Marketing Strategy [22:630:609]
Provides concepts and methods essential to (a) identifying and analyzing marketing threats and opportunities; and (b) developing and evaluating marketing strategies. Focuses on business-level marketing strategy. Special attention given to market structure analysis, segmentation and positioning, and international market extension strategies.
Pharmaceutical Marketing Research [22:630:617]
This course examines the role of Marketing Research in four fundamental ways: (1) identification of a marketing problem and translation of that problem into an appropriate scientific question, (2) selections of the most appropriate data collection procedures using the most appropriate sample, (3) the development of analytics for reporting the “whats” of the data but more importantly answering the “whys” behind the relationships among the data, and (4) how to report the results in the most meaningful way that translates the insights into actionable recommendations.

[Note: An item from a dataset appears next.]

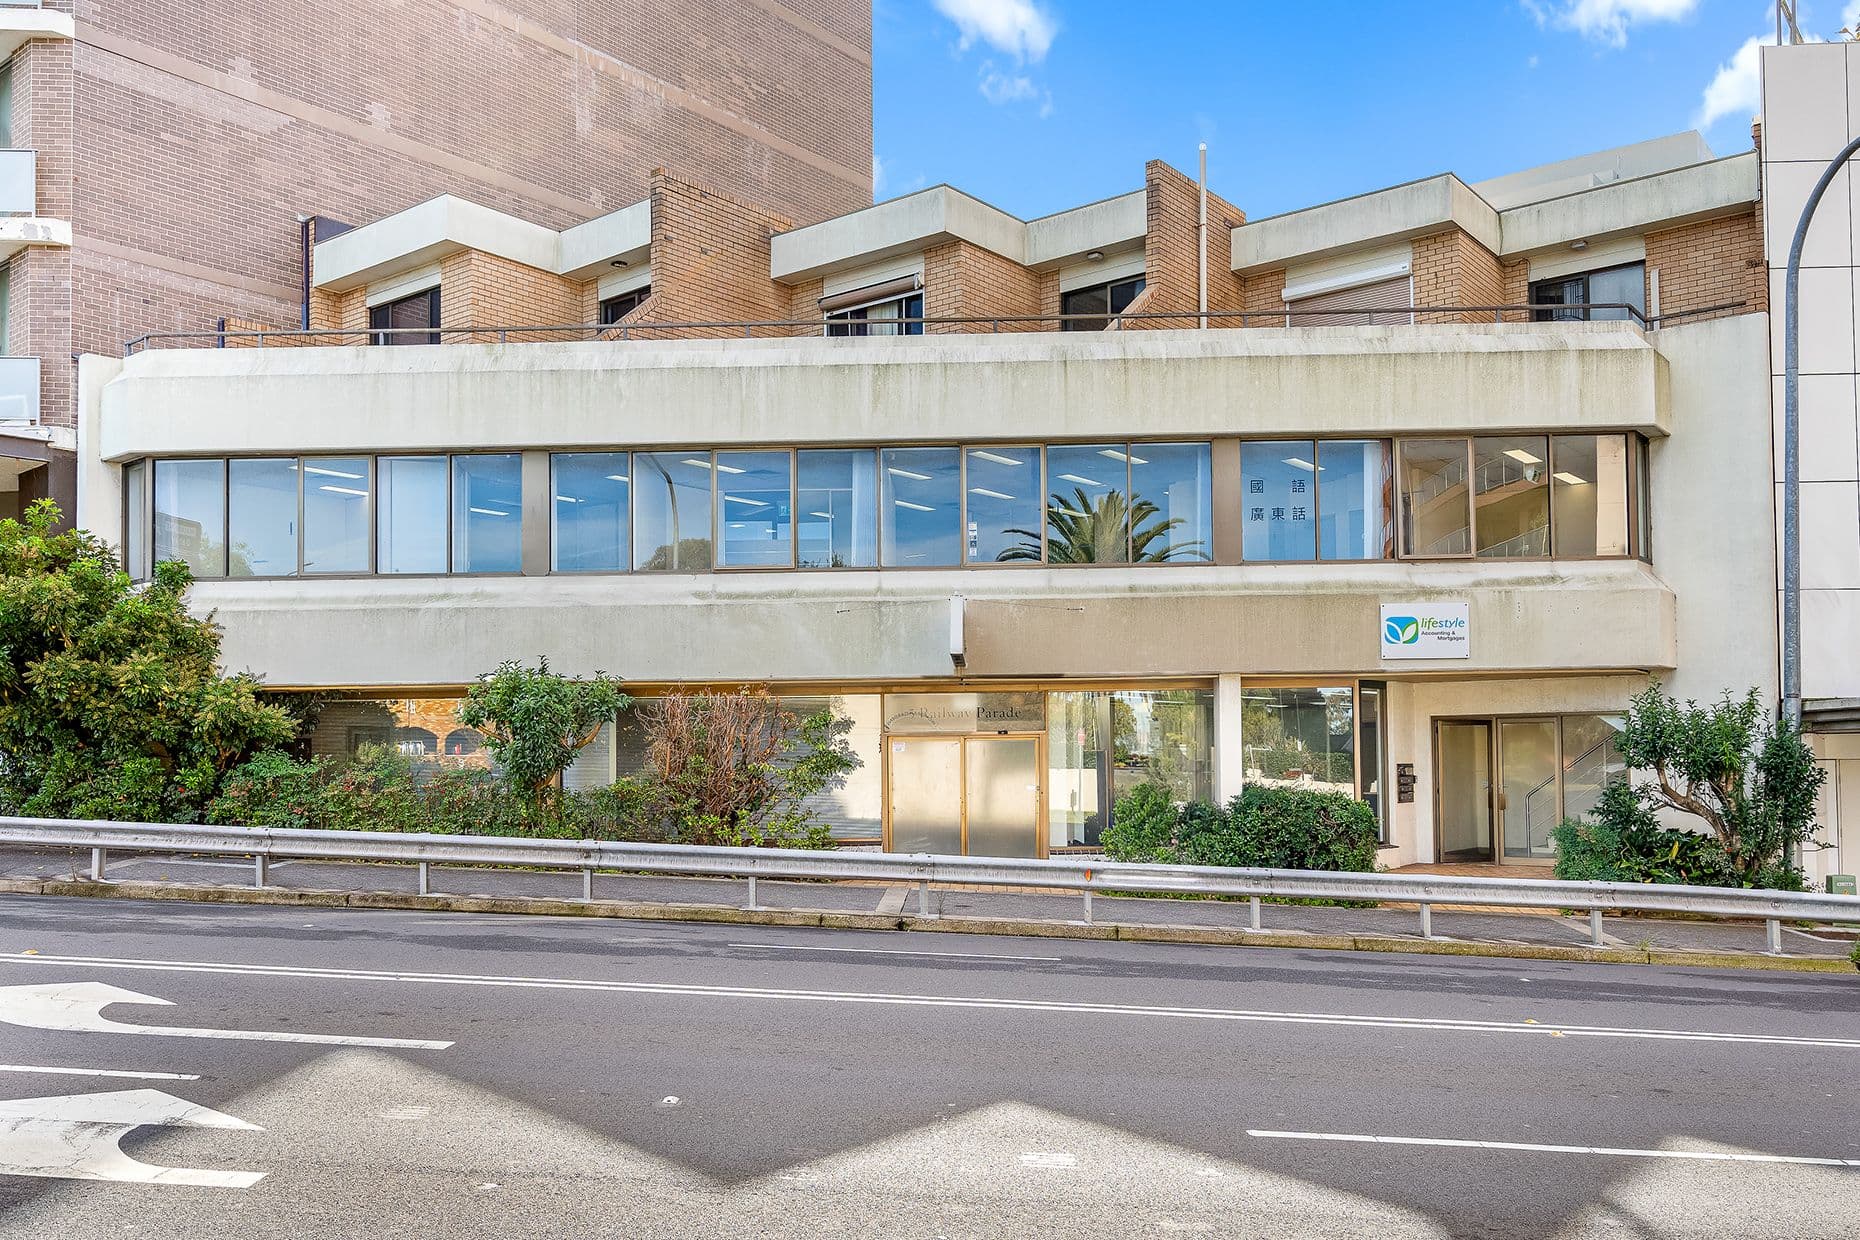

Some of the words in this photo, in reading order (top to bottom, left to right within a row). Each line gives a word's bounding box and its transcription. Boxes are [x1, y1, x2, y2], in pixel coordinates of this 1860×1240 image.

[1250, 506, 1306, 521] 廣東話
[1421, 617, 1465, 630] lifestyle
[919, 706, 973, 719] Railway
[976, 706, 1021, 719] Parade

Survey Sampling [16:960:576] *
Introduction to the design, analysis, and interpretation of sample surveys. Sampling types covered include simple random, stratified random, systematical, cluster, and multistage. Methods of estimation described to estimate means, totals, ratios, and proportions. Development of sampling designs combining a variety of types of sampling and methods of estimation, and detailed description of sample size determinations to achieve goals of desired precision at least cost.

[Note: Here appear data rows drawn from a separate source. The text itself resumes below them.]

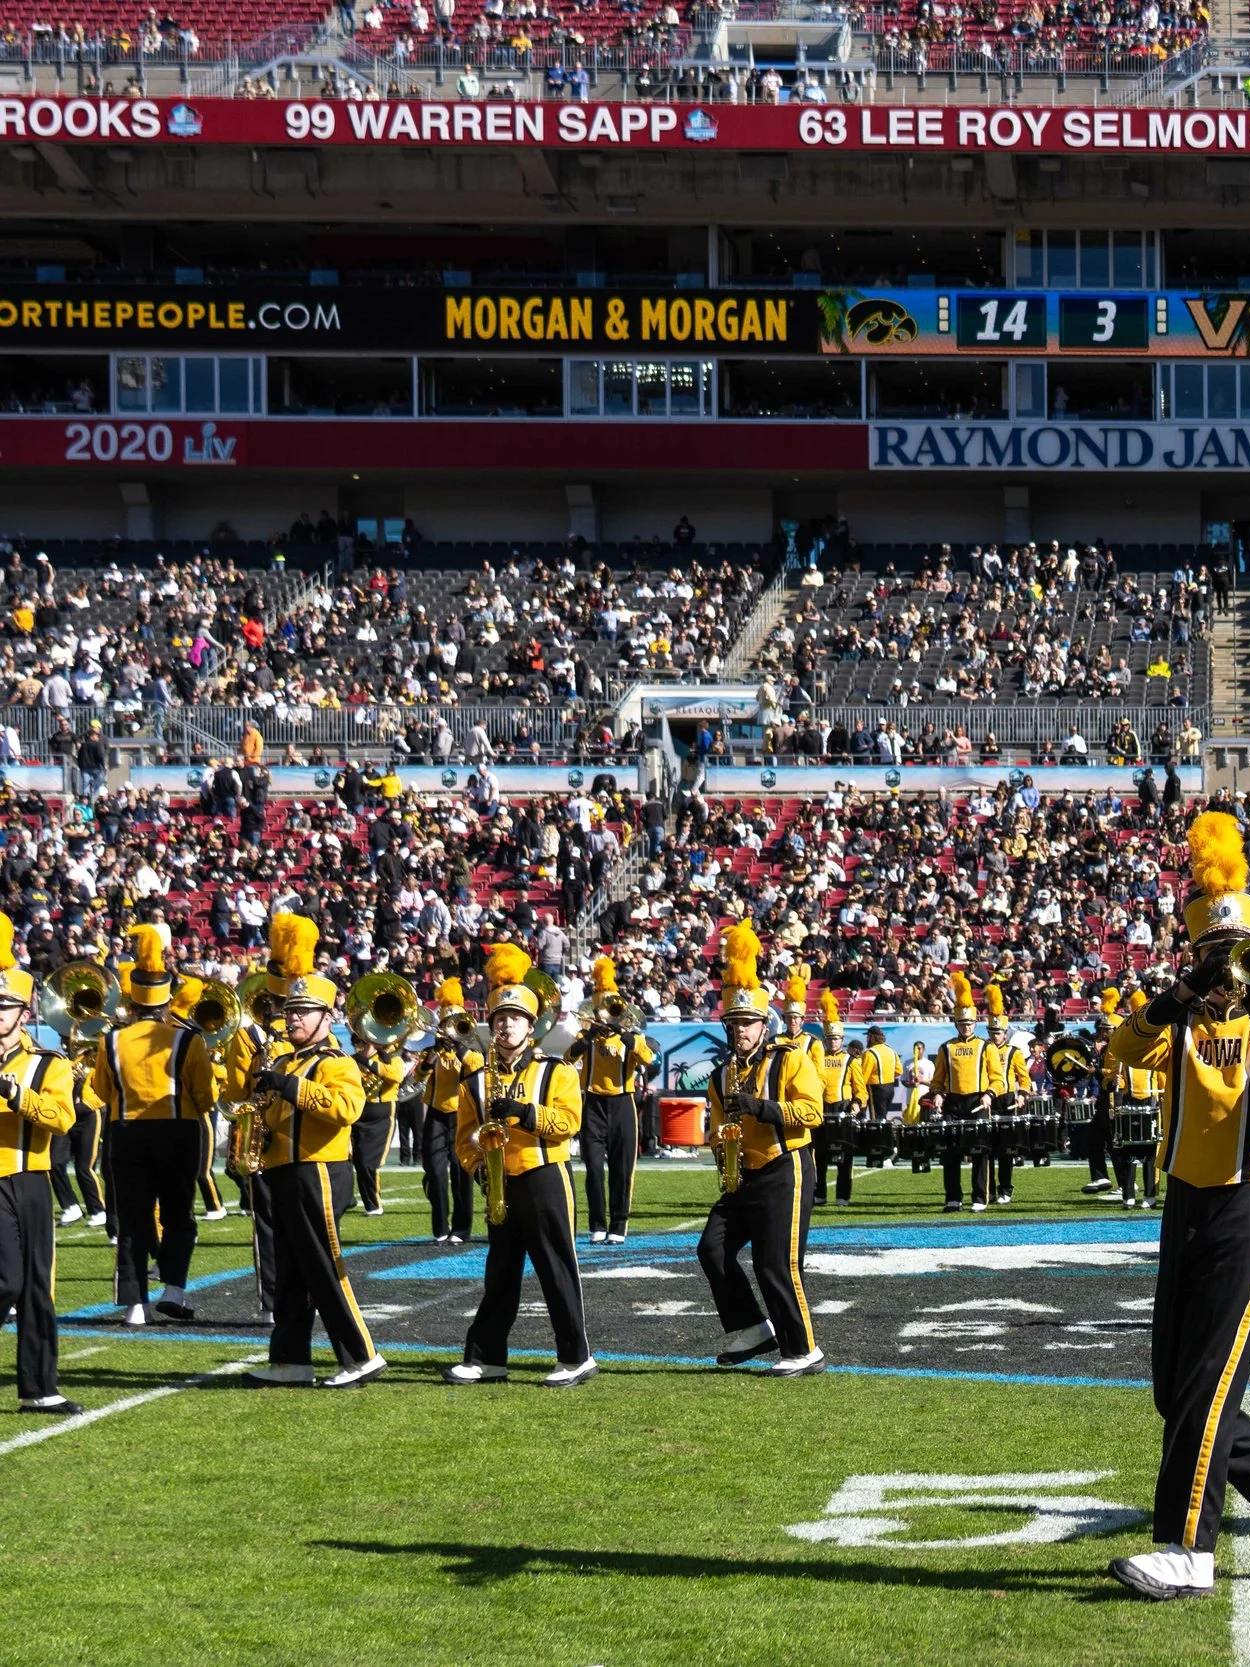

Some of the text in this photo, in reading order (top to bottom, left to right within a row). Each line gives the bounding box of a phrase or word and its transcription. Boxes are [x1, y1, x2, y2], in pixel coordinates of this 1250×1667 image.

[0, 99, 161, 138] ROOKS
[286, 103, 678, 142] 99 WARREN SAPP
[799, 108, 1246, 149] 63 LEE ROY SELMON
[445, 297, 788, 342] MORGAN & MORGAN
[976, 300, 1028, 341] 14
[1092, 301, 1117, 342] 3
[65, 423, 173, 461] 2020
[874, 427, 1154, 468] RAYMOND
[824, 1058, 842, 1069] IOWA
[954, 1046, 974, 1057] IOWA
[1195, 1037, 1243, 1068] IOWA

Customer Journey Analytics [22:630:679] *
This course introduces the concept of Customer Journey in the Digital world which spans digital channels (web, mobile, app) and non-digital touchpoints (1:1, call center etc.). Customer Journey Analytics is the process of tracking and analyzing the way customers use combinations of channels to interact with an organization (also known as omnichannel). The focus of the course is to understand every step of the customer journey in today’s digital world using analytics in order to give that customer a much better experience of how we market to them in a channel of their choice. The course combines practical applications and analytics platforms with an end goal of developing skills that help to derive actionable insights that will impact the organization’s acquisition, experience and retention strategies. It provides a broad overview of key digital analytics strategies, concepts, issues, challenges and tools.
The MRIA concentration is guided by an active advisory board of accomplished marketing research professionals and faculty who offer mentorships, networking and career opportunities, internships and other opportunities to enrich your academic experience. Our advisory board members are marketing leaders across a variety of industries, from pharma to finance.